28話 沖縄2日目 美浜アメリカンビレッジ~ホテル
美ら海水族館とフクギ並木を堪能して、僕達はまたレンタカーに乗り込み、秋斗さんの安全運転で美浜アメリカンビレッジへ1時間半ほどかけて走る。
途中コンビニに寄って飲み物やお菓子を買って車中で食べたりしてワイワイ言いながら沖縄を走った。
有料道路の方が早く着くが、差は15分程だし、どうせなら景色も楽しもうと海沿いを行く。
綺麗な海沿いに南国の木々が生えていて、本当に東京とは違うなと感動した。
1時間半の間、半分くらいは泪さんは夢の中だったようで、僕や春樹、秋斗さん、雅さんがワイワイ騒がしくしていたのに最後尾では静かな時間が流れていた。

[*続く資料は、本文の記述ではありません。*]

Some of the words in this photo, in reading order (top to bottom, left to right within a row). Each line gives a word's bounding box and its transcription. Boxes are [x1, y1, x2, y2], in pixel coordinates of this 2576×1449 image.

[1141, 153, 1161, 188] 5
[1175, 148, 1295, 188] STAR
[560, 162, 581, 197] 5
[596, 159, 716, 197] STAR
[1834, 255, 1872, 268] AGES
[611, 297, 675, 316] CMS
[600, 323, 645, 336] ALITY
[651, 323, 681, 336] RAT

美浜アメリカンビレッジに到着してからジャッタバーガーというお店にお昼ご飯を食べに行くまでも泪さんはボーッとして眠そうにしている。
「泪さん、お昼ご飯何にする?」
「んー?あー、そっかぁ、洵が奢ってくれんだったね」
泪さんには色んな借りがあるので、「デザート付きでいいよ」と伝えると彼女は目を輝かせて「洵太っ腹〜!」と笑い、それに伴い春樹にも「私もガトーショコラ食べたいな♡」と言われてしまい「仕方ないな」と快諾するとお兄さん達に「かっこいいねぇ」といやらしく笑われた。

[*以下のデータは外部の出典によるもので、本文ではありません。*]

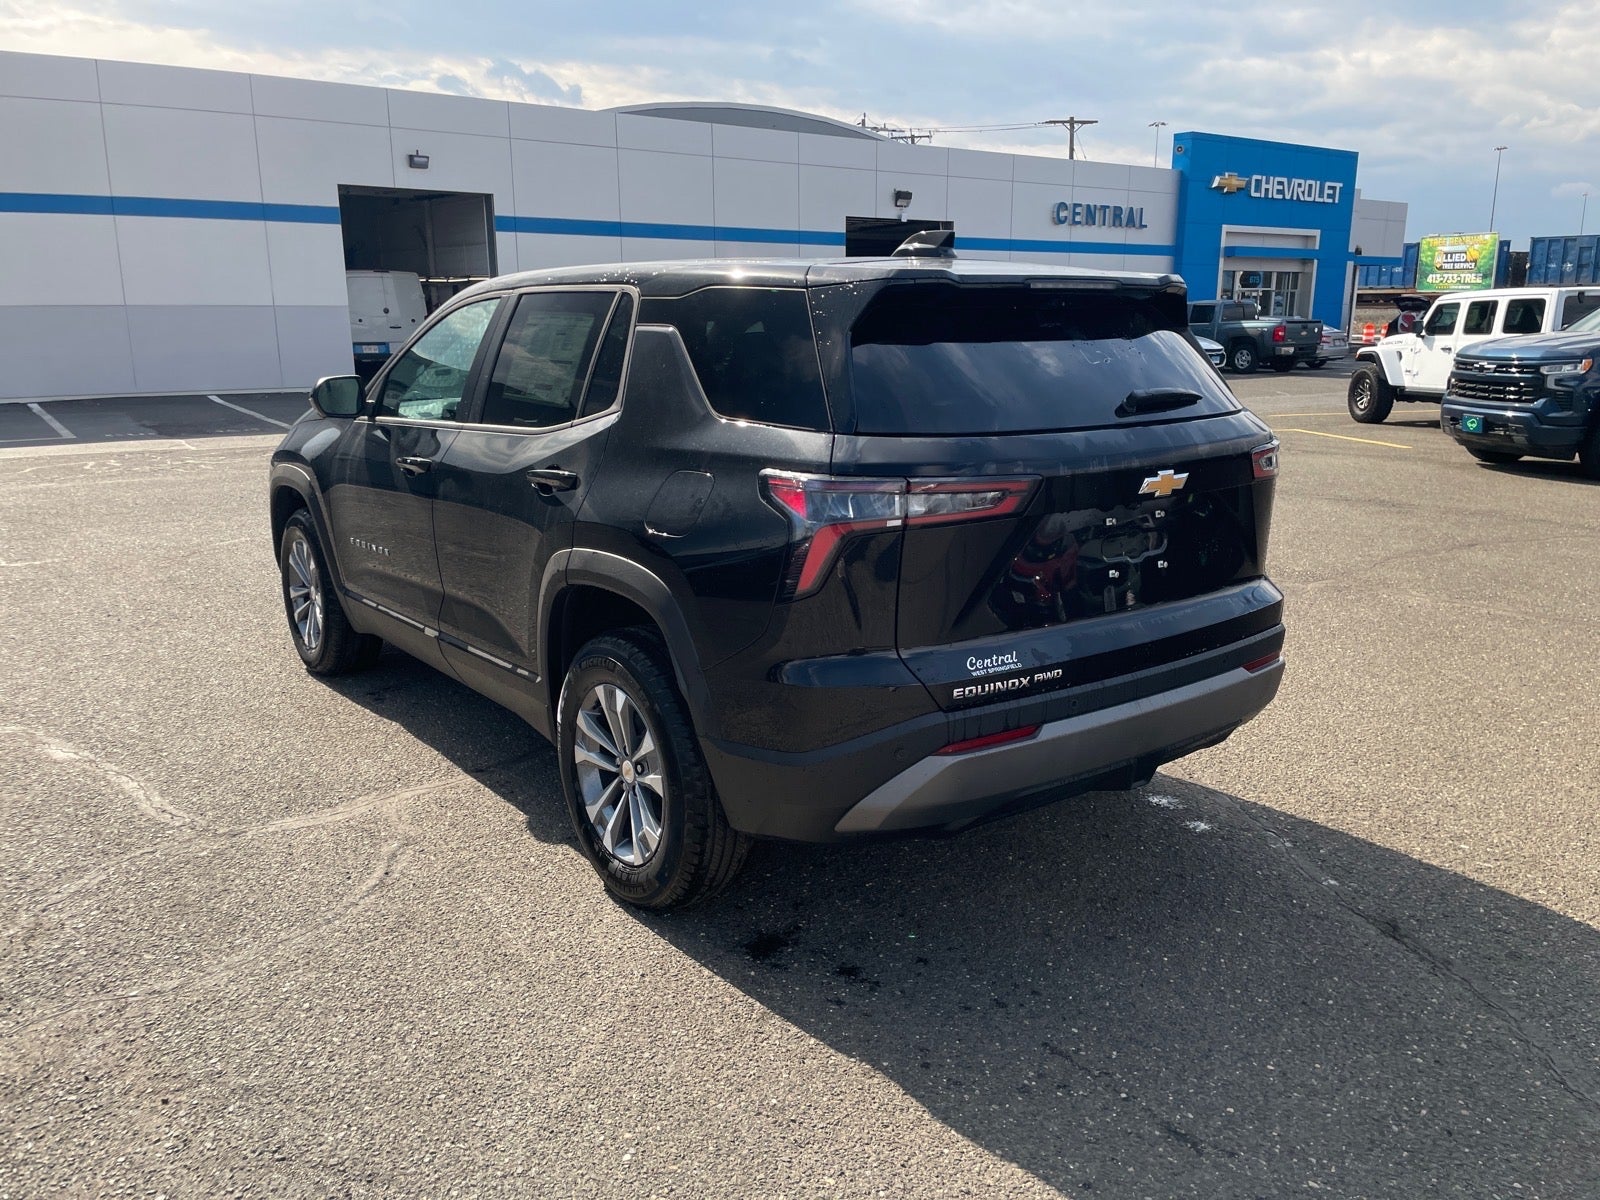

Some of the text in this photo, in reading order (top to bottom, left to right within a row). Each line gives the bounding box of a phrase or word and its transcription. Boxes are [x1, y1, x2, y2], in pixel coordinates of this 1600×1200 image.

僕は冒険をしたくなくてダブルチーズバーガーとアイスコーヒーを頼み、泪さんのテリヤキチキンサムライバーガーと紅茶バターケーキ、カフェオレバニラ、春樹のガトーショコラを共に払う。
僕と春樹、泪さんは1番最後に並んでいたので僕達が席に向かう頃にはお兄さん達が席取りをしてくれていた。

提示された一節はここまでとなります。